Wenn unseren Kinder etwas geschieht können wir Mütter zu Furien werden. Wenn sie krank oder verletzt sind, leiden wir mit. Unser Fleisch und Blut und unsere tiefsten Gefühlsregionen stehen Qualen durch, Angst und Sorge verschleiern unsere Tage. Was wir gehegt und gepflegt, was wir in Liebe umsorgt, wofür wir sooft gebangt und so freudig erzitterten, wird bedroht, verletzt, im allerschlimmsten Fall zerstört. Die Vorstellung damit zu leben ist mir nur Grauen und ich bin heilfroh von finalem Schrecken und Horror verschont zu sein. Es fällt mir dennoch schwer die tägliche Kriegsberichterstattung zu lesen, weil sich mein Focus sofort einstellt auf Frauen und Kinder und deren Leid, das mir unglaublich und unerträglich scheint, ganz abgesehen von den Traumatas mit denen die nachfolgenden Generationen geschlagen werden. Doch auch in friedlichen Gefielden sind unsere Kinder nie sicher, denn Krankheiten und Unfälle können sie uns versehren. Darum hüten wir sie wie unsere Augäpfel und schicken ihnen unseren Beschützerinstinkt wie einen Wachhund hinterher, übersorgen sie so oft, bis sie uns genervt loswerden müssen und davonziehen um ihr eigenes Leben zu leben, eigene Entscheidungen zu treffen und leider auch Risiken einzugehen, das Abenteuer einzuatmen, auch wenn es ihre Lunge nicht fassen kann.
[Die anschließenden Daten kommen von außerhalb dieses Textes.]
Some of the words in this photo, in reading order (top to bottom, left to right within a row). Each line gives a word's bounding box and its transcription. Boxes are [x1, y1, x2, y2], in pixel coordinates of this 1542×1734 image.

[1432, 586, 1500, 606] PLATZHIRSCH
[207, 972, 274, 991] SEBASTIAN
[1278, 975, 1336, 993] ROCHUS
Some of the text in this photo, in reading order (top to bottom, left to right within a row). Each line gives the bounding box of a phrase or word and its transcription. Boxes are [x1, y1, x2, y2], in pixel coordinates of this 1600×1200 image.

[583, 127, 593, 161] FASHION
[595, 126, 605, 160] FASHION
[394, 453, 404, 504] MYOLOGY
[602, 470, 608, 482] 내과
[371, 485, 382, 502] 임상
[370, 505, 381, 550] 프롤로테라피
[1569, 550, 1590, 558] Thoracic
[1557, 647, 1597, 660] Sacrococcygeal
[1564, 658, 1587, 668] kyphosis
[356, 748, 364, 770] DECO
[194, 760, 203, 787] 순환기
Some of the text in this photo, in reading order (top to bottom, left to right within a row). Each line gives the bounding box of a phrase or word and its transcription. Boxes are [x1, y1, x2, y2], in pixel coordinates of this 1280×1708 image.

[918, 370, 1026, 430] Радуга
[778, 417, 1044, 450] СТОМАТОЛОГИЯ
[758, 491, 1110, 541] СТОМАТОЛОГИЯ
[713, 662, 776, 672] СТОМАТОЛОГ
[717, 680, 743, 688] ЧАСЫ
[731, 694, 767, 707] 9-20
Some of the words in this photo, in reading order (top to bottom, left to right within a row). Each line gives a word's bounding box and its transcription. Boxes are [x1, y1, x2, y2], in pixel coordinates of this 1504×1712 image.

Momente an einem Krankenbett, die Hand halten, da sein, zärtlich über den Kopf streichen und schon ist ein junger Mann wieder mein Kind. Ich bringe ihm Spiele und Gummibärchen und mein mütterliches Sorgen. Ich tröste, ermuntere, halte die Brechschale, stütze den Rücken und verdränge , dass sich meine Därme verschlingen und sich etwas in meinem Unterleib verkrallt, da wo er sich zum erstenmal streckte und seine Beinchen in meine Bauchwand stiess, da sitzt das Phantom der Sorge und sendet sein Zittern aus. Aber ich bin tapfer, beisse lächelnd meine Zähne zusammen und mach lockere Sprüche, damit er nicht auf die Idee kommt, dass es wirklich schlimm ist ihn so leiden zu sehen. So stehe ich da an seinem Bett und bettle leise den Schmerz an von meinem Kind abzulassen, sich an mich zu halten an seiner Stelle. Doch das tut er nicht, tut er nie. Also stehe ich weiter da im Bemühen Kraft zu spenden und wenigstens meine Liebe heilend auf meines Sohnes Brust zu legen, damit die Heilkräfte sich erbarmen und ihre Arbeit tun.
Doch sie arbeiten langsam.
Und obwohl man meinen könnte, dass in der neutralen und friedlichen Schweiz die Persönlichkeitsrechte jeder Person gewahrt werden, muss ich die meines Kindes, eines erwachsenen jungen Mannes missachtet sehen. Das Gesetz alleine genügt nämlich nicht, wenn es – tragischerweise sehr nahestehende – Menschen gibt, die sich darüber hinwegsetzen, die ihre Wahrheit ihren angeblich Liebsten aufzwingen wollen, weil sie dem Grössenwahn verfallen sind, dem Glauben die Wahrheit für sich gepachtet zu haben und keine Tricks scheuen ihren vermeintlich heroischen Feldzug durch Krankenhausgänge und gegen angeblich feindliches Krankenhauspersonal zu führen. Glücklicherweise habe ich meine Kinder zu eigenständigen und selber denkenden Persönlichkeiten erzogen, die sich nicht einfach ohne nachzufragen Pillen einwerfen.
Da hat sich dann wenigstens die Zeit erbarmt und die Heilung vorangetrieben. Ich hole ihn jetzt heim und kann nun auch meine zitternden Lungenflügel wieder belüften und tief durchatmen.